A new lawsuit filed against Meta is intensifying the legal battle over how AI companies train their models, with publishers accusing the company of deliberately using pirated books and articles to build its Llama AI system instead of licensing them legally.
The lawsuit was brought by publishers Hachette, Macmillan, McGraw-Hill, Elsevier, and Cengage alongside author Scott Turow, who allege that Meta trained Llama using more than 267 terabytes of copyrighted materials sourced from shadow libraries, including the piracy database LibGen. According to the complaint, the amount of material involved exceeds the entire print collection of the Library of Congress.
Plaintiffs described the alleged conduct as “one of the most massive infringements of copyrighted materials in history.”
What makes this case particularly significant is not just the scale of the alleged infringement, but the paper trail cited throughout the lawsuit. According to the filing, Meta internally considered spending as much as $200 million to license books and research material for AI training before ultimately deciding against it. Plaintiffs claim the discussion was eventually escalated to Meta CEO Mark Zuckerberg, who allegedly rejected the licensing approach.
One internal employee message cited in the complaint stated: “If we license one single book, we won’t be able to lean into the fair use strategy.”

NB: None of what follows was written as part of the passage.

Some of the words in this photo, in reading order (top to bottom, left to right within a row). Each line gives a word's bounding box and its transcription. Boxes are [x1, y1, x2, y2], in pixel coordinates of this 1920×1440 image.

Another internal Meta memo referenced in the lawsuit allegedly discussed the use of datasets sourced from LibGen, a shadow library widely associated with pirated books and academic materials. According to the filing, the memo stated: “We would not disclose use of LibGen datasets used to train.”

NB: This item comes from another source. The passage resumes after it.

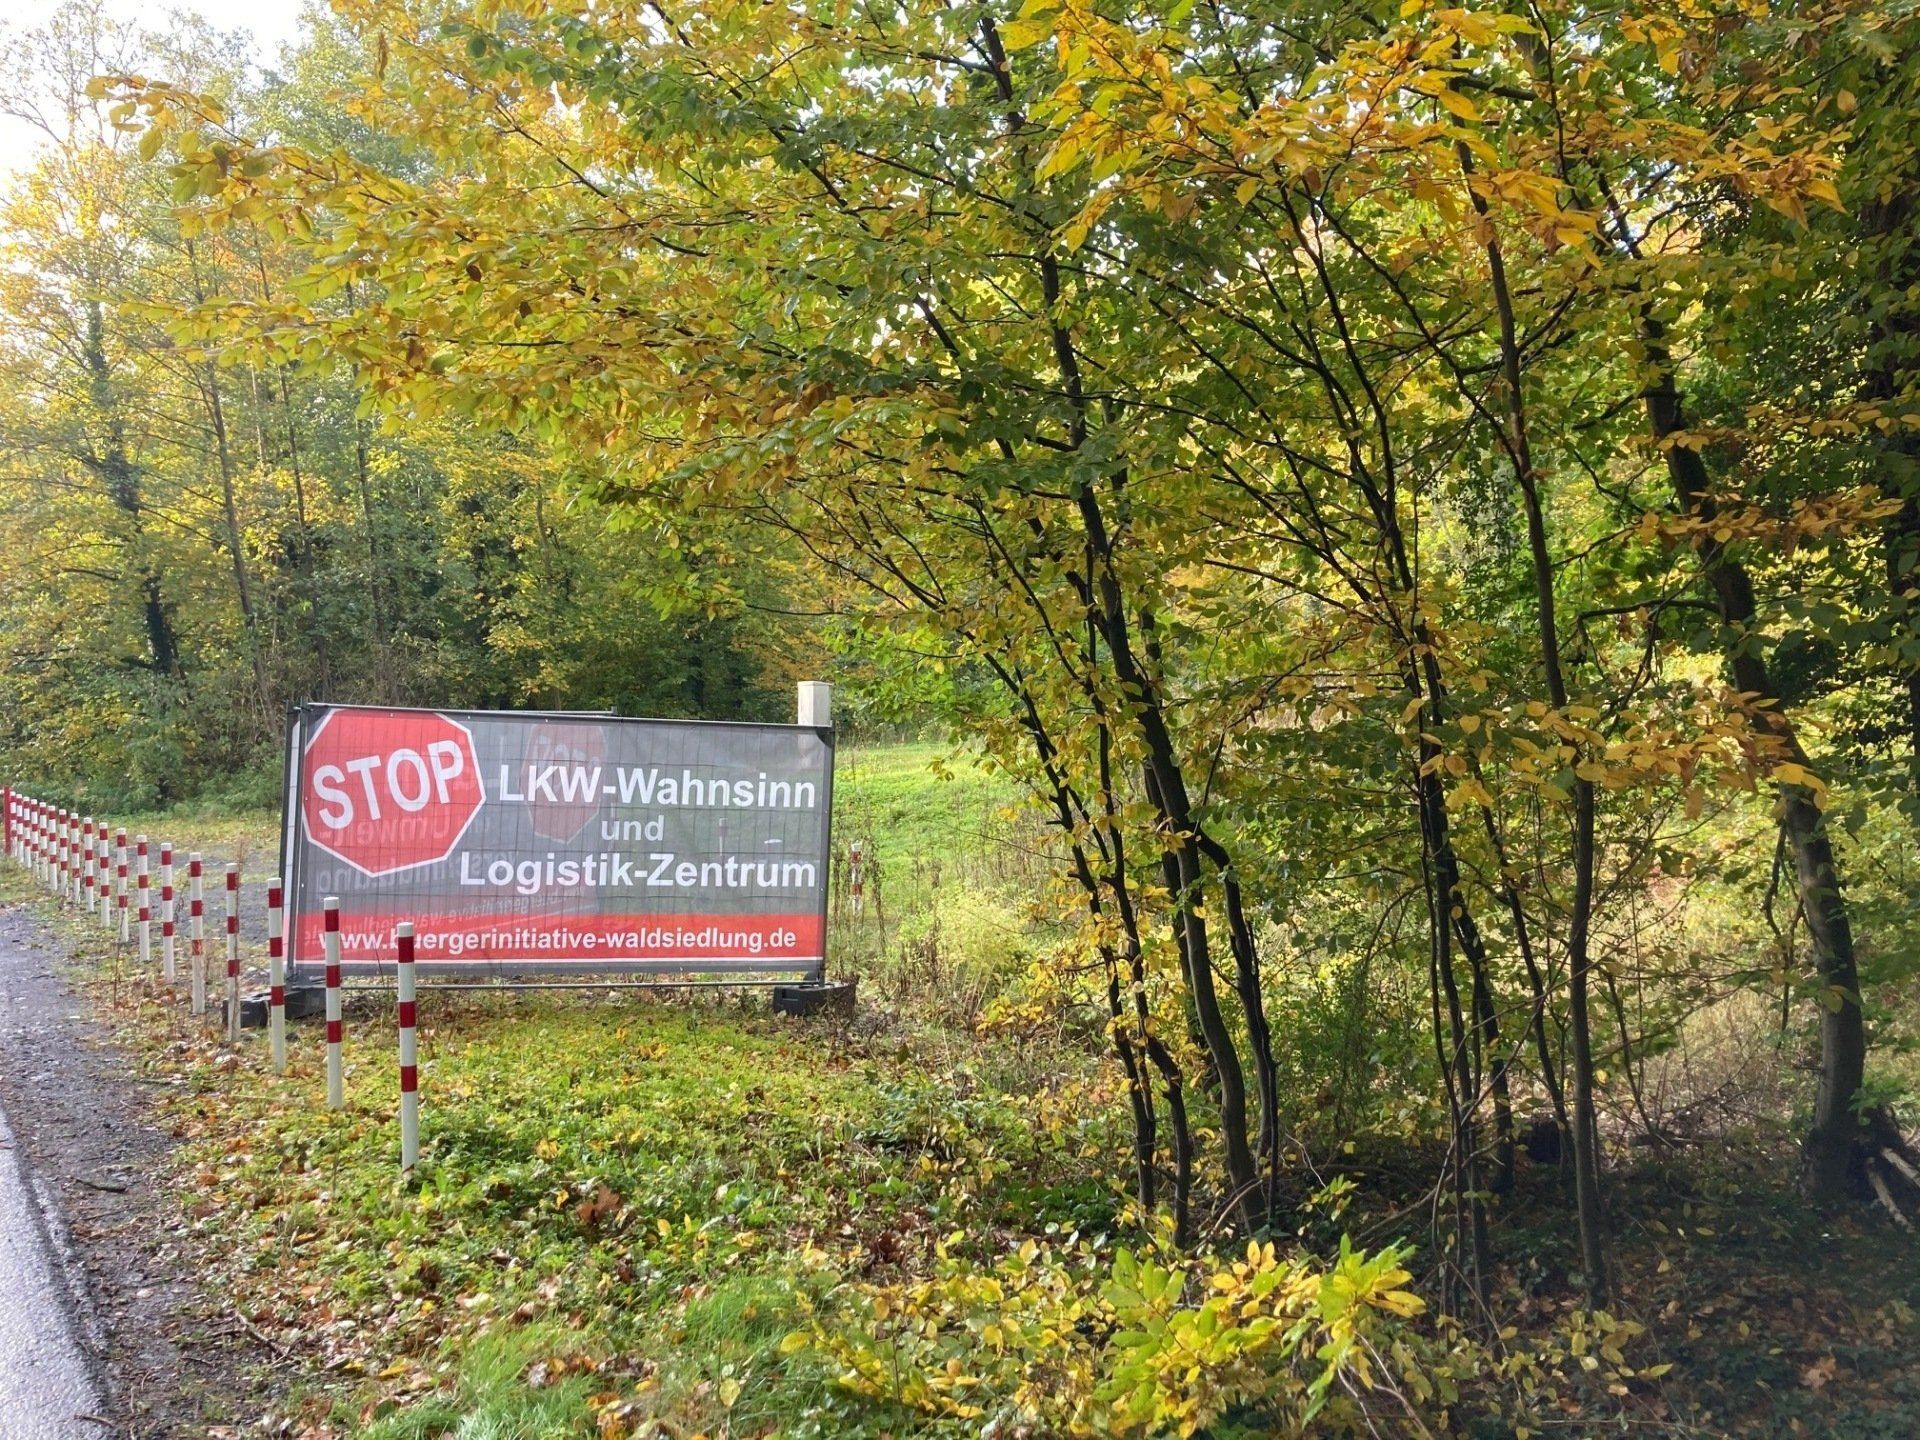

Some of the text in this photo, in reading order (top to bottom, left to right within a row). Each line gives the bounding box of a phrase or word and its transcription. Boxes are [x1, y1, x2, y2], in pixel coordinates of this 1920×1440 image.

[312, 740, 464, 830] STOP
[499, 764, 815, 808] LKW-Wahnsinn
[601, 815, 665, 842] und
[460, 851, 815, 895] Logistik-Zentrum

Meta has denied wrongdoing. A company spokesperson said: “AI is powering transformative innovations for people and businesses, and courts have rightly found that training AI models on copyrighted material can qualify as fair use. We will fight this lawsuit aggressively.”
The case arrives as courts continue to wrestle with whether AI companies can legally train models on copyrighted material without permission. In 2025, authors including Sarah Silverman and Junot Díaz sued Meta over similar claims. A federal judge later ruled in the company’s favour, finding that parts of the training process qualified as fair use.
This new lawsuit attempts to distinguish itself from earlier cases by focusing less on the abstract legal debate around fair use and more on alleged intent. Plaintiffs argue that Meta knowingly used pirated datasets despite internally exploring lawful licensing arrangements.
The legal pressure is also growing across the broader AI industry. In 2025, Anthropic faced lawsuits from authors and music publishers over claims that copyrighted works were used without authorization to train its AI systems. The increasing number of cases has raised larger questions about whether current copyright law can keep pace with the data demands of modern AI models.
The publishers further argue that Llama is capable of generating “verbatim and near-verbatim” reproductions of copyrighted books, potentially turning AI systems into direct substitutes for original works rather than transformative tools.
For now, the case adds to what is becoming one of the defining legal questions of the AI era: whether the race to build increasingly powerful models can continue relying on copyrighted material without compensation to the people who created it.